# What to work on:
Take the entries below and retype them word for word, excluding the images.

*** Block opens ***

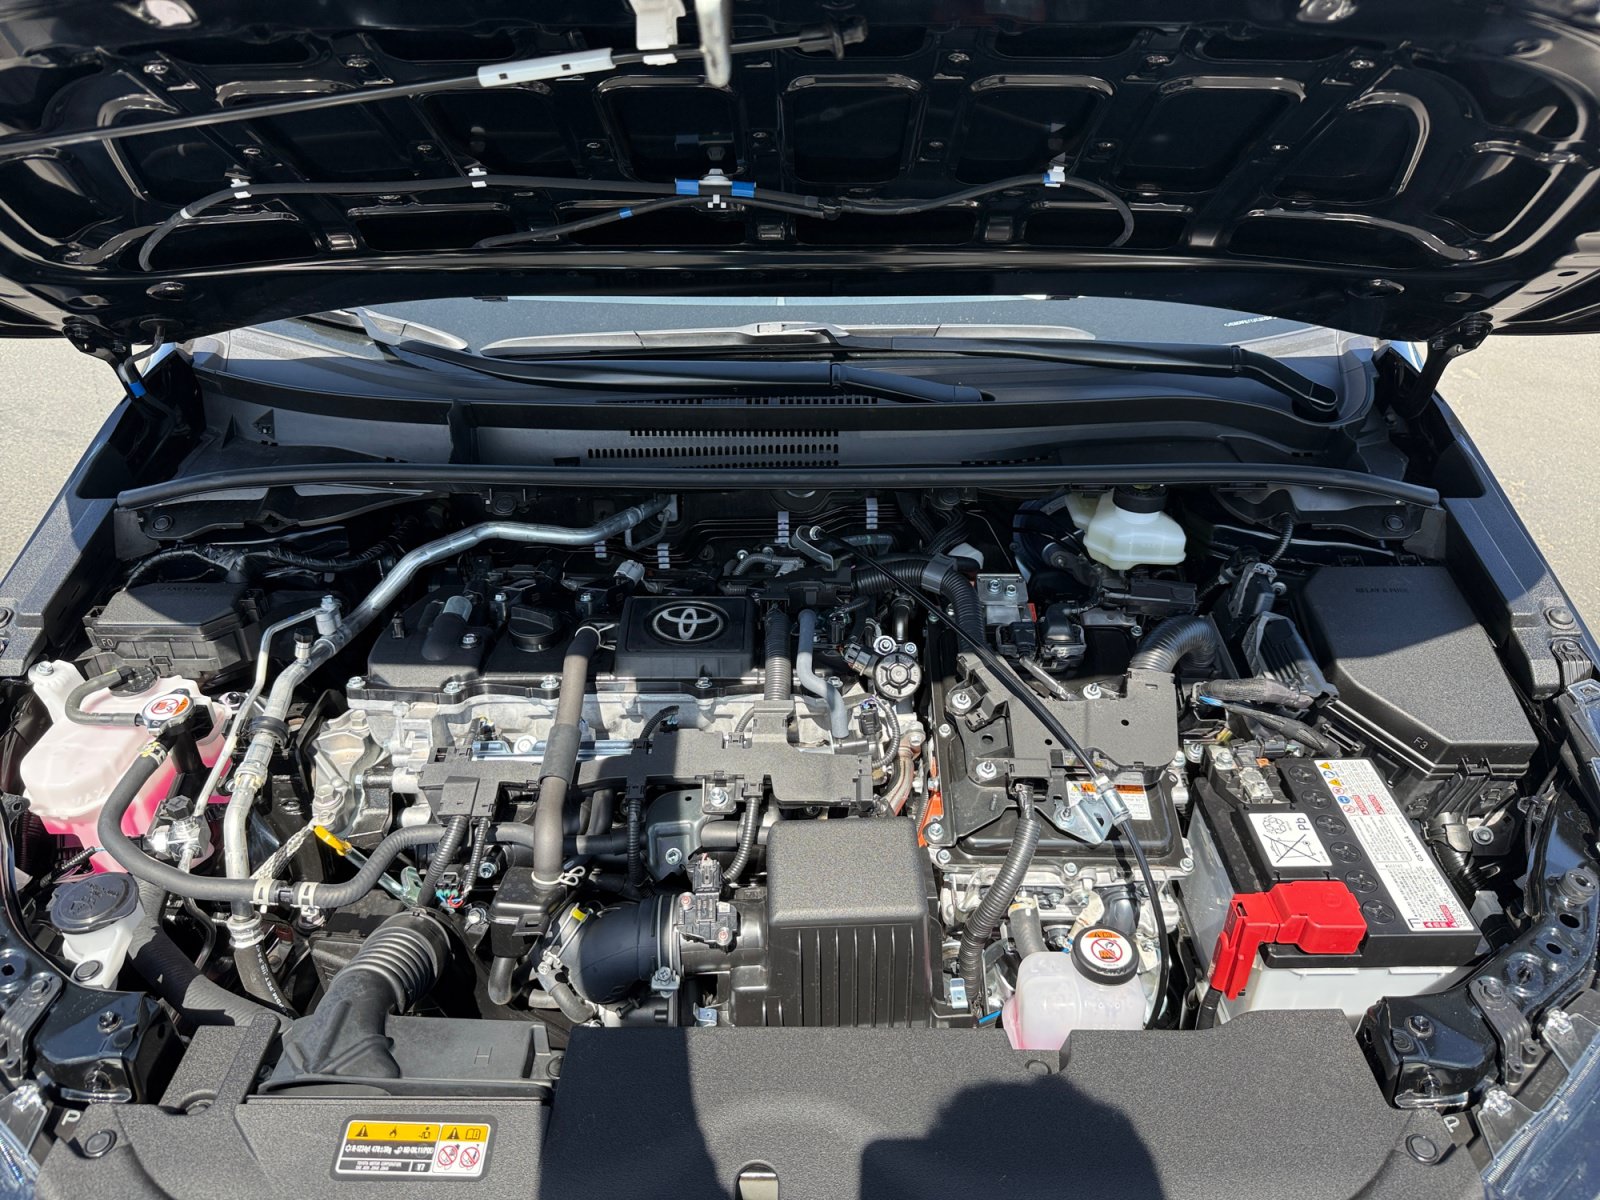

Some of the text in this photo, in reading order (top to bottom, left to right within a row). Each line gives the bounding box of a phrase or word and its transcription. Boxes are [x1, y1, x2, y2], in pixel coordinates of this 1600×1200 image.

[1296, 817, 1311, 831] Pb
[61, 1109, 81, 1126] P
[1443, 1116, 1460, 1133] P
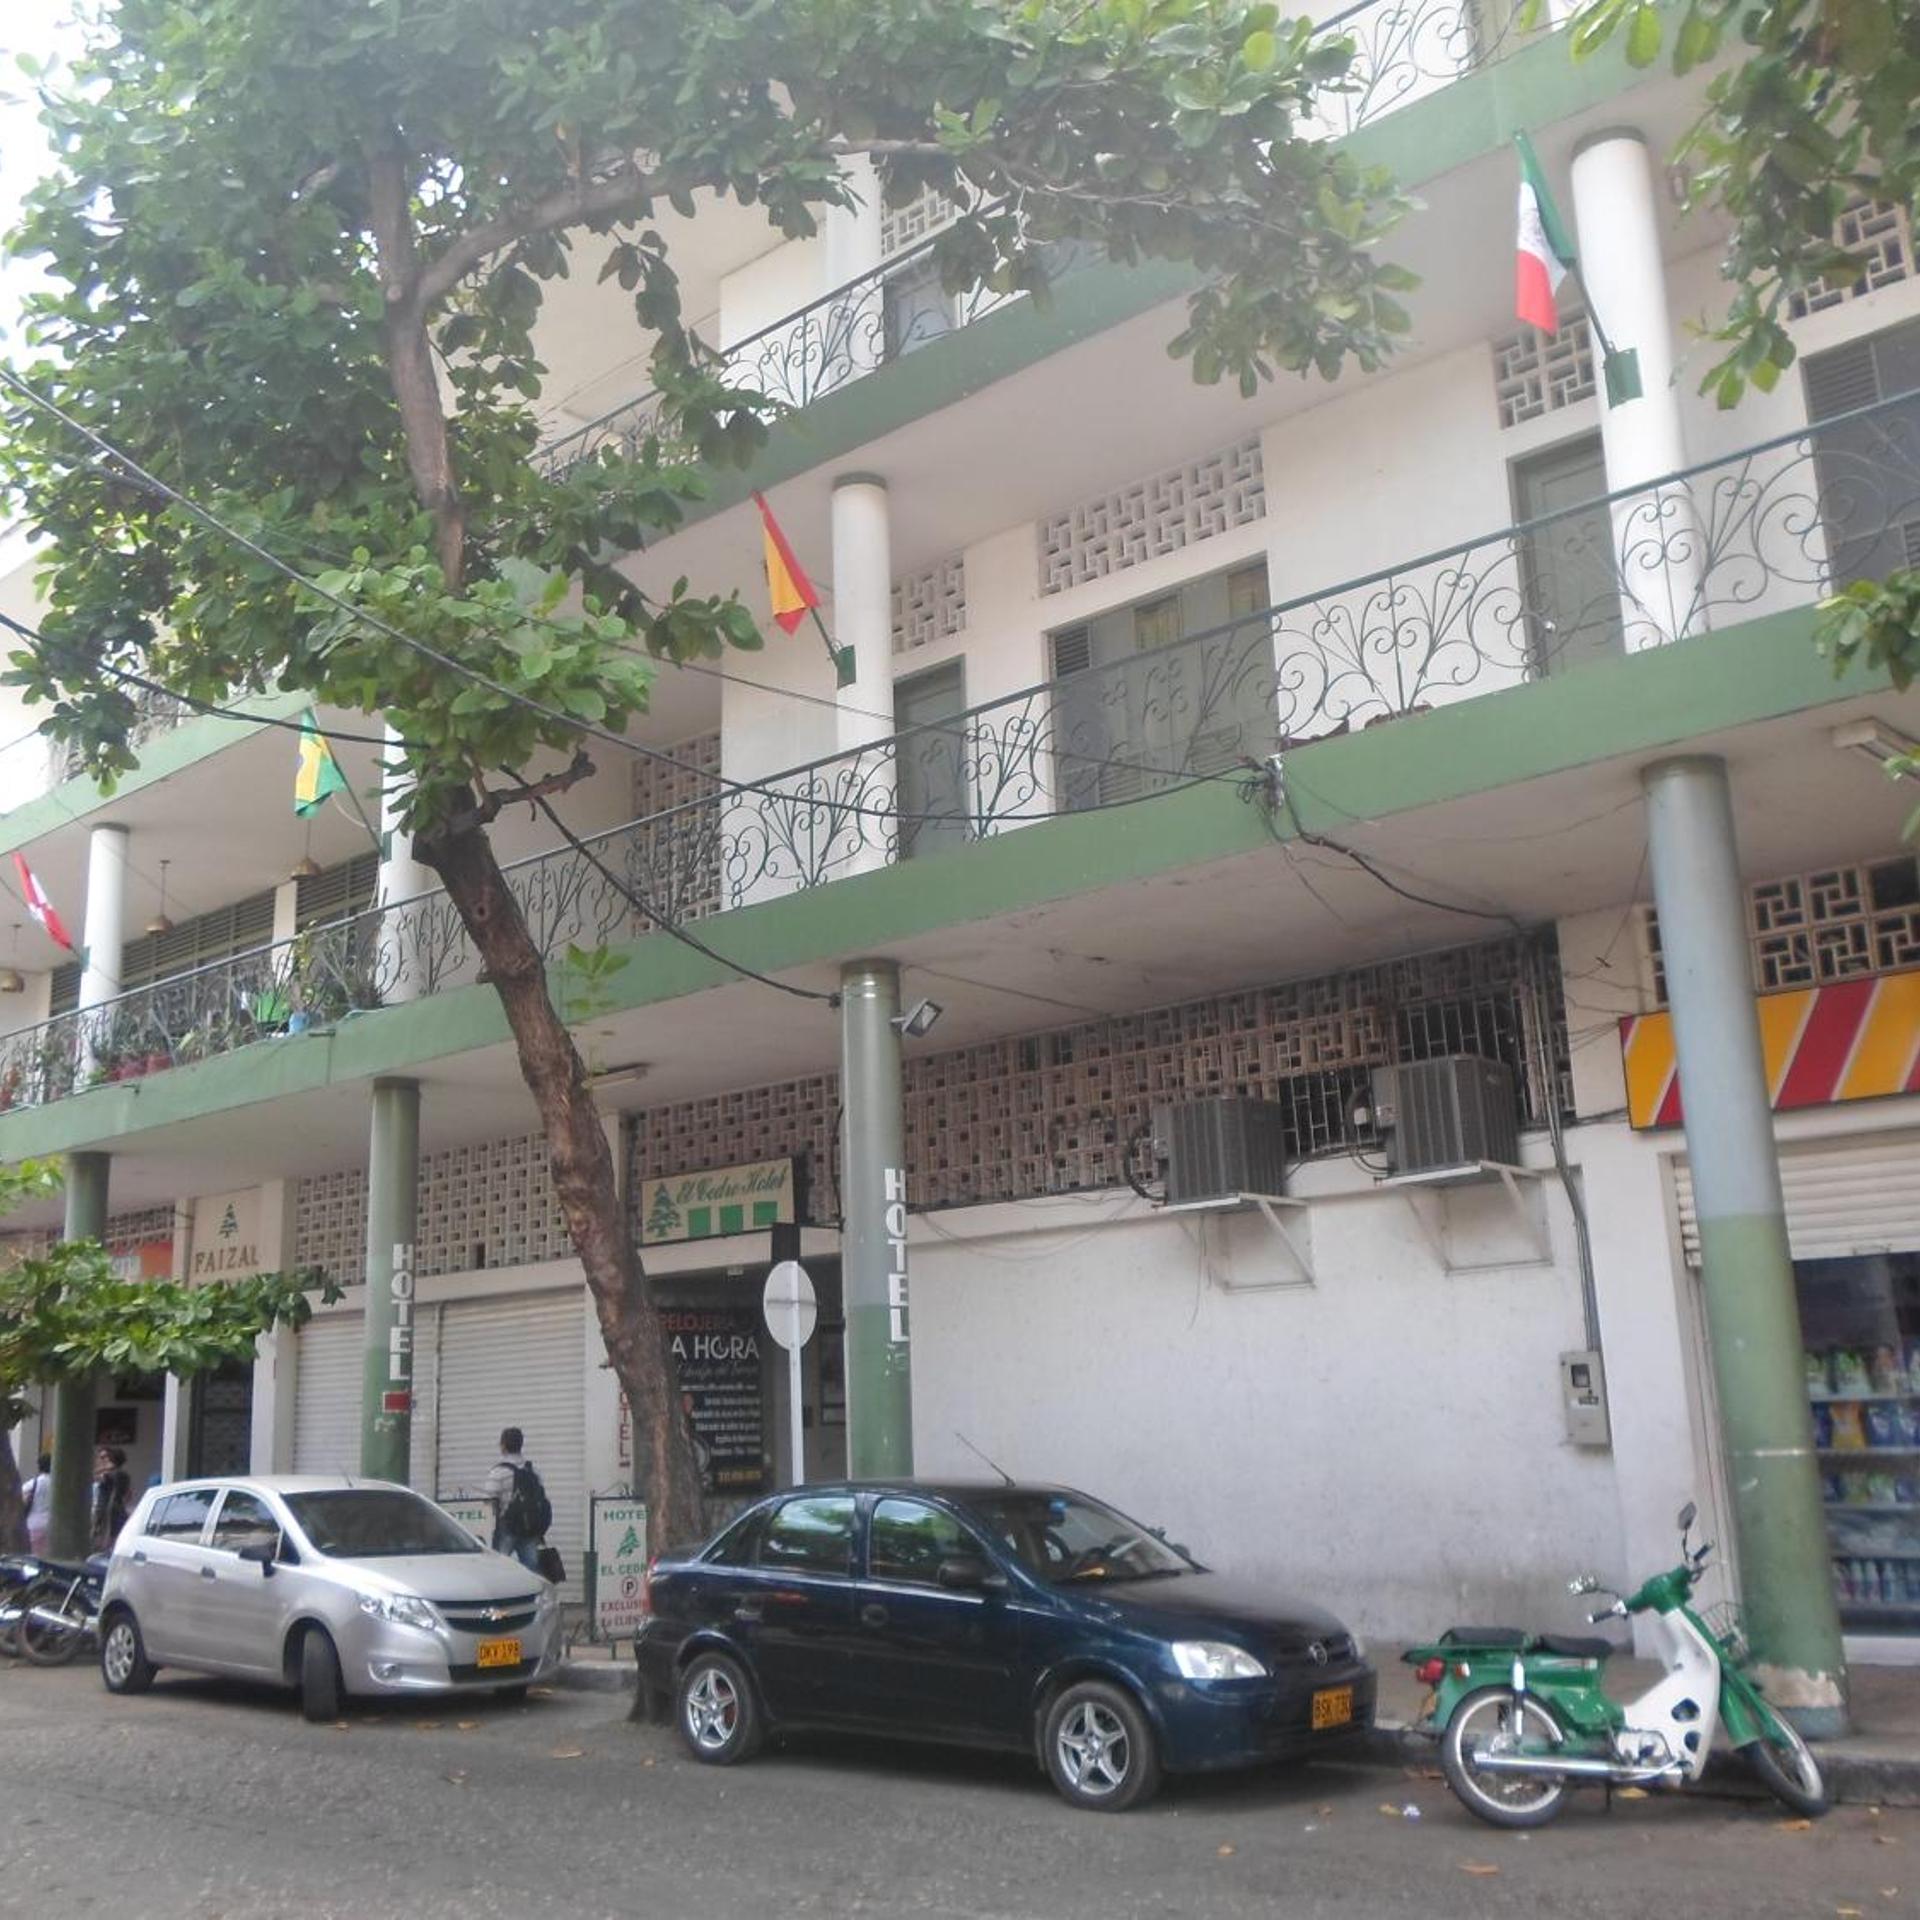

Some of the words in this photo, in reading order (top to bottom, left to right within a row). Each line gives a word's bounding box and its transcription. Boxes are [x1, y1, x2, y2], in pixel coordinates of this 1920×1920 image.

[740, 1164, 789, 1195] Hotel
[195, 1244, 260, 1273] FAIZAL
[884, 1168, 909, 1342] HOTEL
[389, 1243, 414, 1380] HOTEL
[693, 1334, 760, 1359] HORA
[619, 1390, 633, 1459] OTEL
[603, 1509, 648, 1521] HOTE

*** Block closes ***

# Answer section:
Some of the text in this photo, in reading order (top to bottom, left to right within a row). Each line gives the bounding box of a phrase or word and its transcription. Boxes are [x1, y1, x2, y2], in pixel coordinates of this 1600×1200 image.

[1296, 817, 1311, 831] Pb
[61, 1109, 81, 1126] P
[1443, 1116, 1460, 1133] P

Some of the words in this photo, in reading order (top to bottom, left to right within a row). Each line gives a word's bounding box and its transcription. Boxes are [x1, y1, x2, y2], in pixel coordinates of this 1920×1920 image.

[740, 1164, 789, 1195] Hotel
[195, 1244, 260, 1273] FAIZAL
[884, 1168, 909, 1342] HOTEL
[389, 1243, 414, 1380] HOTEL
[693, 1334, 760, 1359] HORA
[619, 1390, 633, 1459] OTEL
[603, 1509, 648, 1521] HOTE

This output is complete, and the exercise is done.